§ DATA SHOWN:
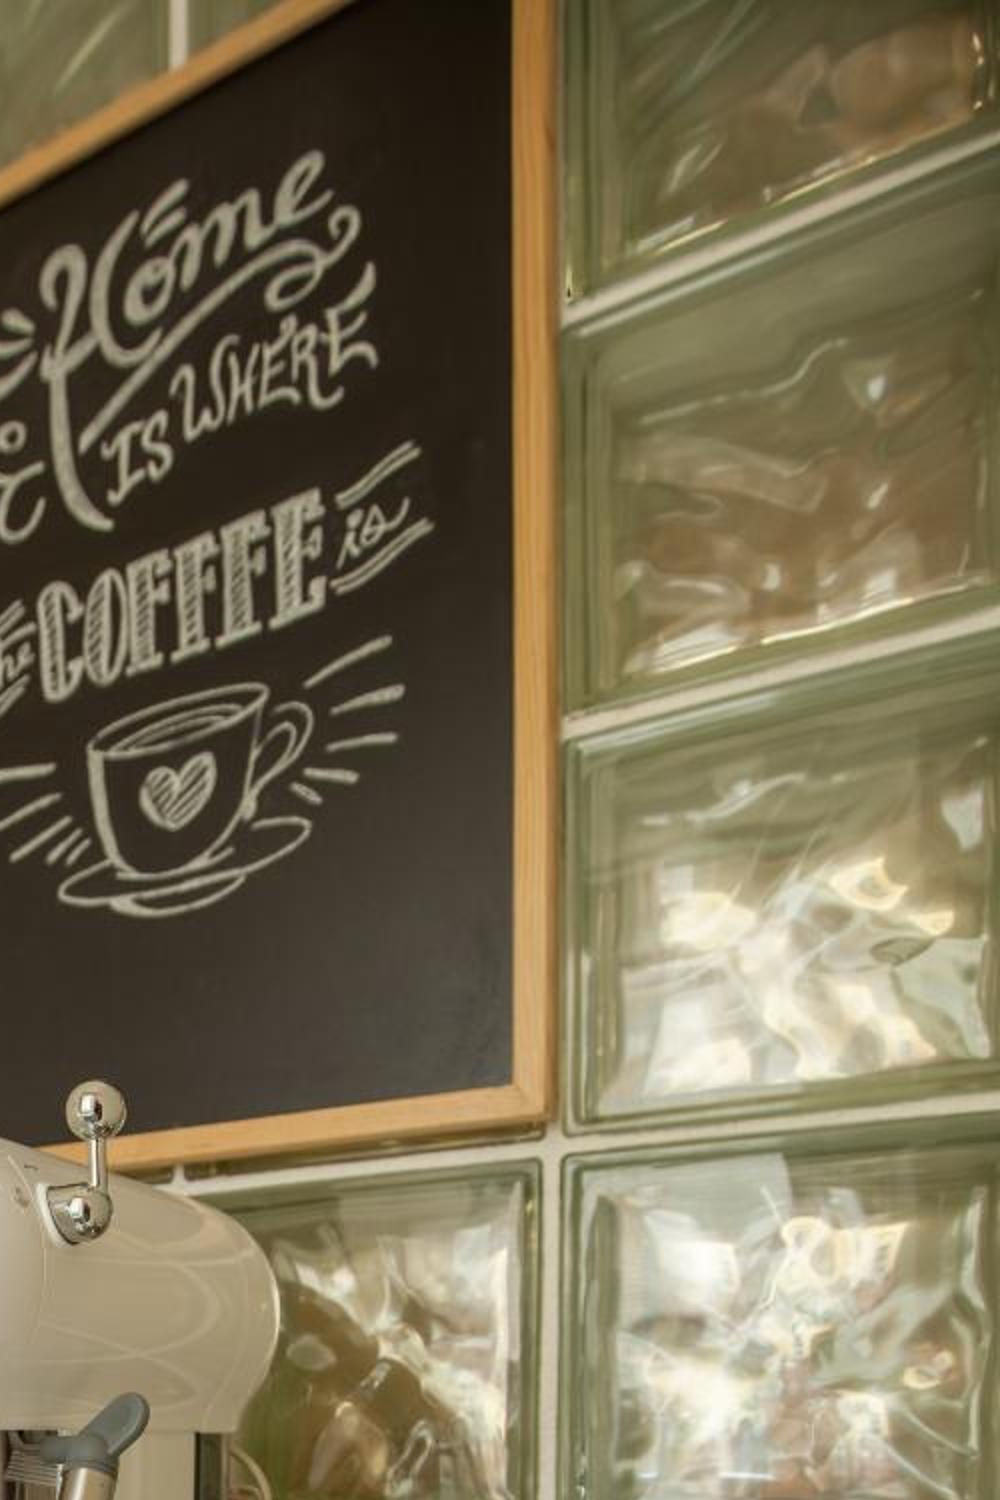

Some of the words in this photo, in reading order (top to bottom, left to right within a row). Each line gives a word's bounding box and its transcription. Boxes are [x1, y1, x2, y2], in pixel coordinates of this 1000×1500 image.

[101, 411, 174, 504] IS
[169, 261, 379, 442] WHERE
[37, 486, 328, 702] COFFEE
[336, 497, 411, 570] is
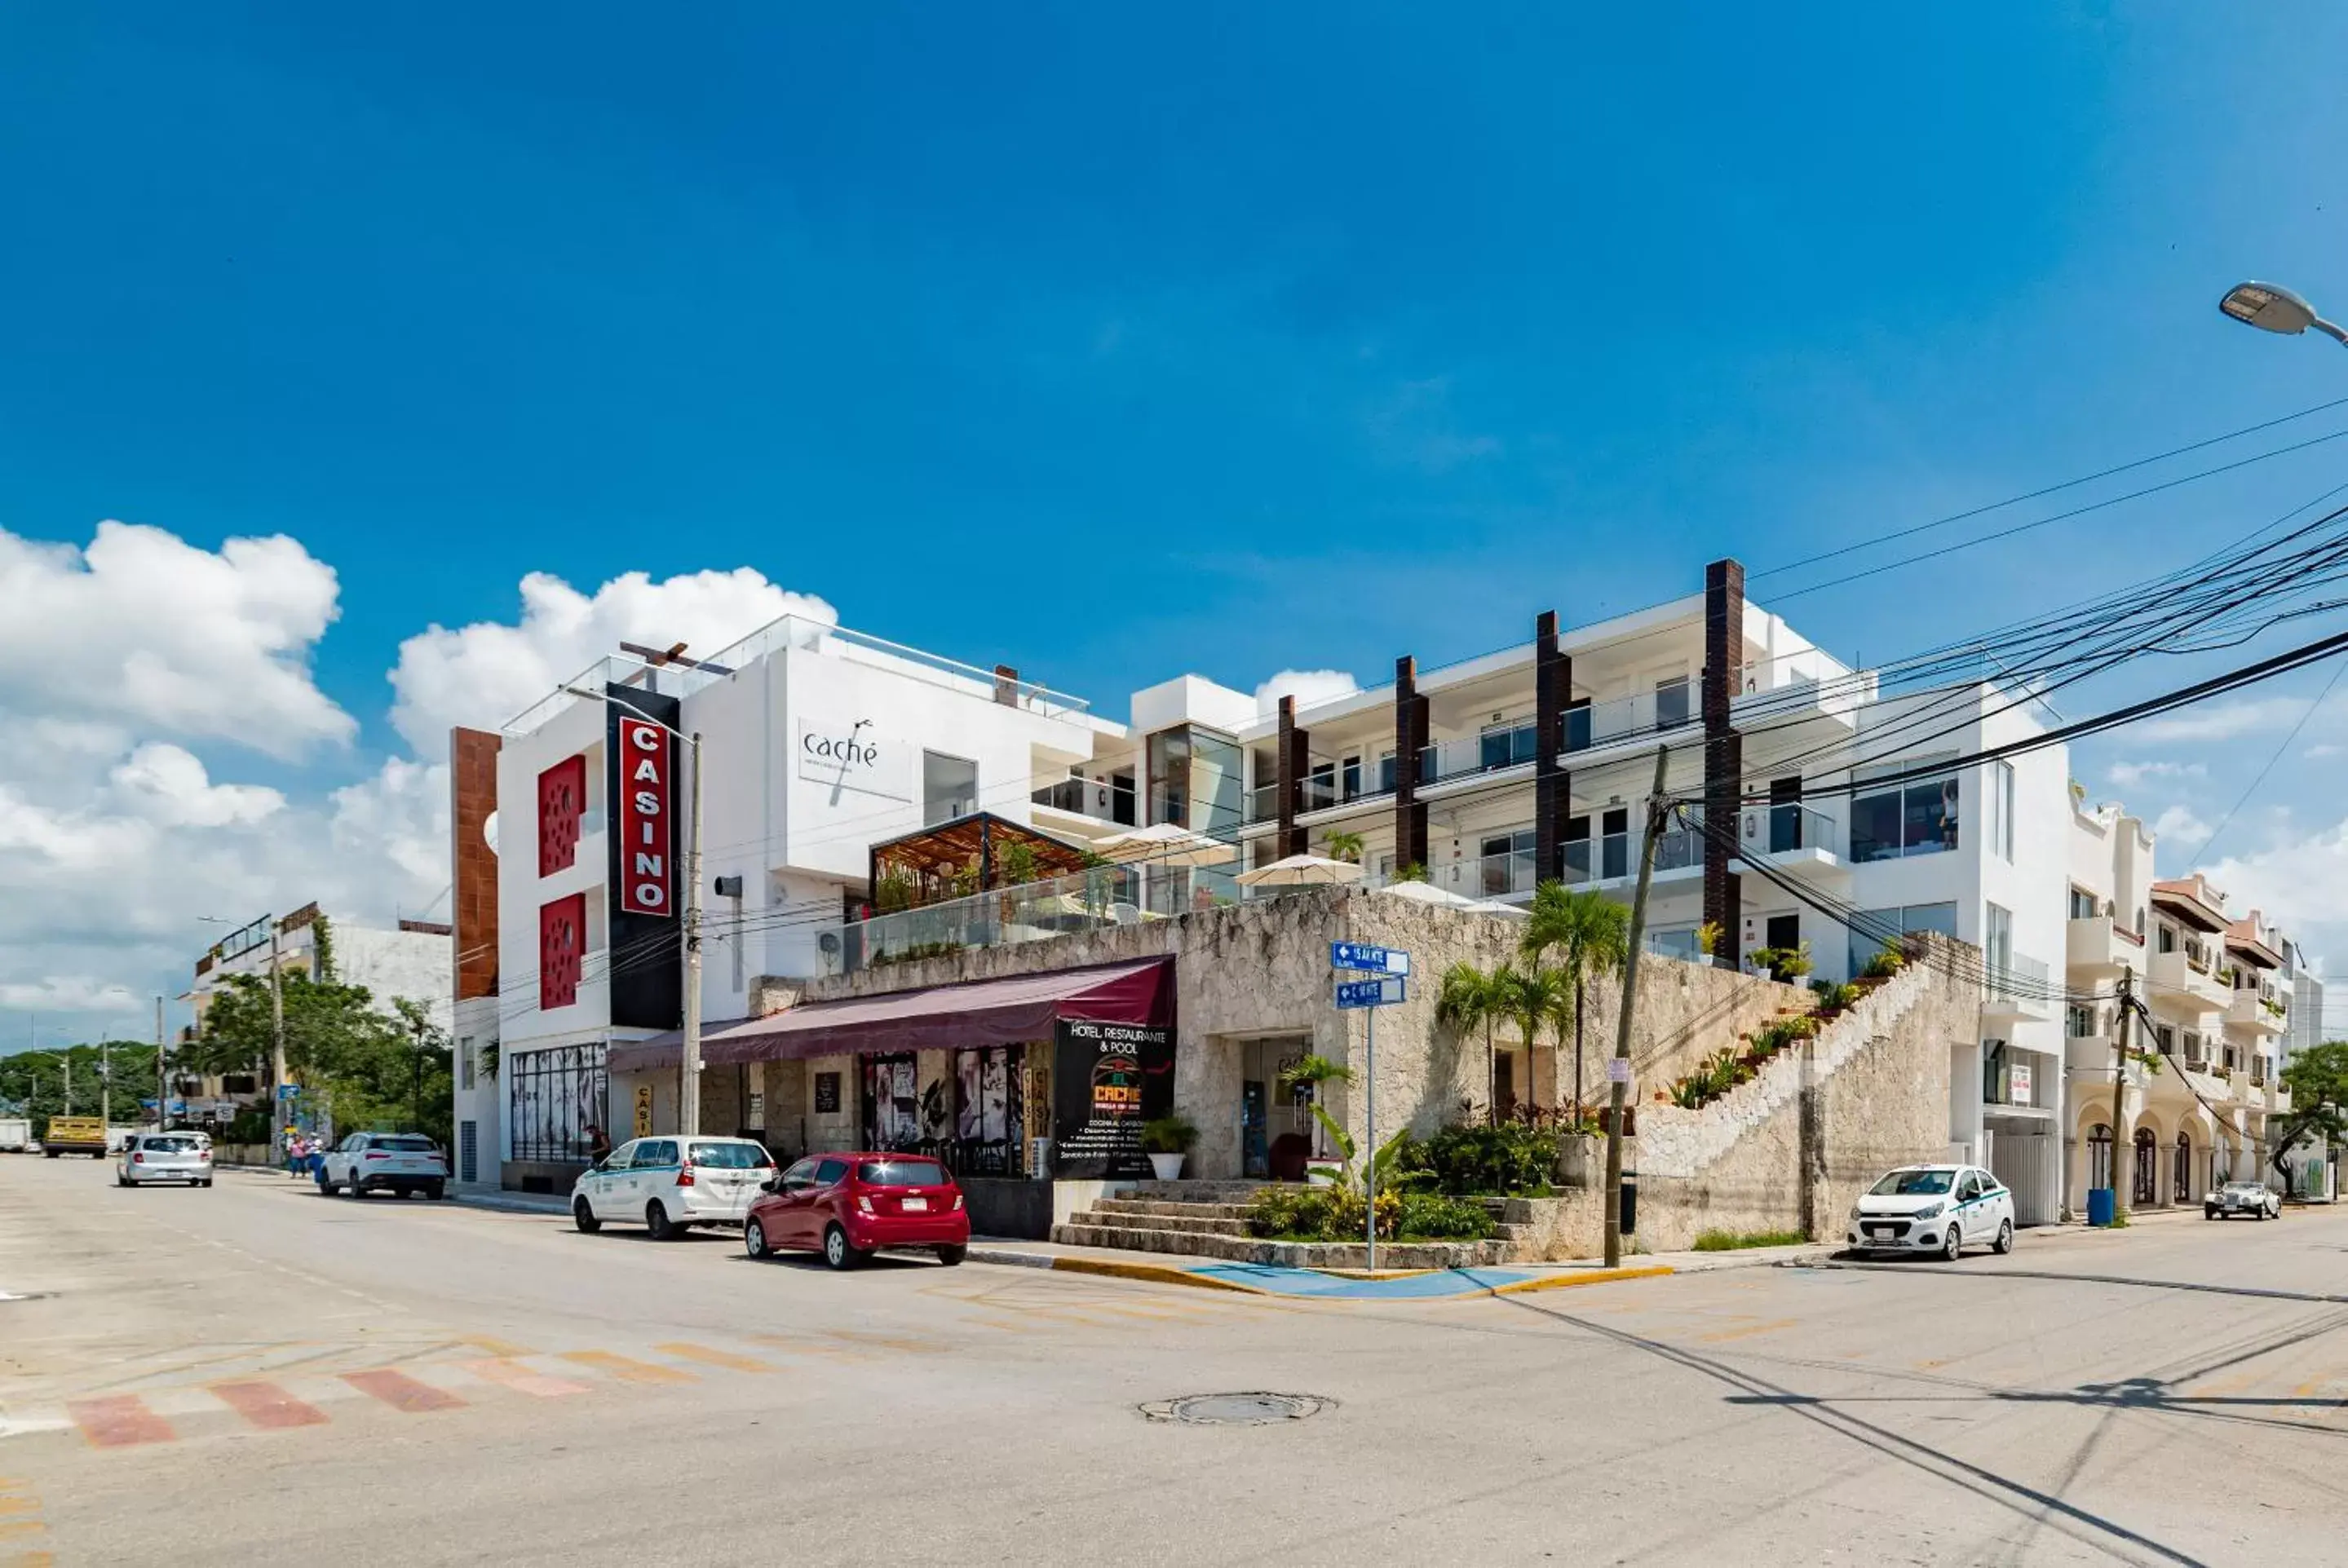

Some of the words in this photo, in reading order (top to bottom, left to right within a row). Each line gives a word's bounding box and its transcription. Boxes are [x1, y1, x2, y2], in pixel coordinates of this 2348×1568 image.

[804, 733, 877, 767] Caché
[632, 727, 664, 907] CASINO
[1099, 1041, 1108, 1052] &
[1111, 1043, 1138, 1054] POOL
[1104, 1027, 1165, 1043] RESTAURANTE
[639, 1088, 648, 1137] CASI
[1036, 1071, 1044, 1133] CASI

§ WHAT THIS TASK INVOLVES:
Nothing but the lines from the one holding "this 2348×1568 image." to the end of the entries should be returned, each exactly as it stands.

§ SOLVED PROBLEM:
Some of the words in this photo, in reading order (top to bottom, left to right within a row). Each line gives a word's bounding box and its transcription. Boxes are [x1, y1, x2, y2], in pixel coordinates of this 2348×1568 image.

[804, 733, 877, 767] Caché
[632, 727, 664, 907] CASINO
[1099, 1041, 1108, 1052] &
[1111, 1043, 1138, 1054] POOL
[1104, 1027, 1165, 1043] RESTAURANTE
[639, 1088, 648, 1137] CASI
[1036, 1071, 1044, 1133] CASI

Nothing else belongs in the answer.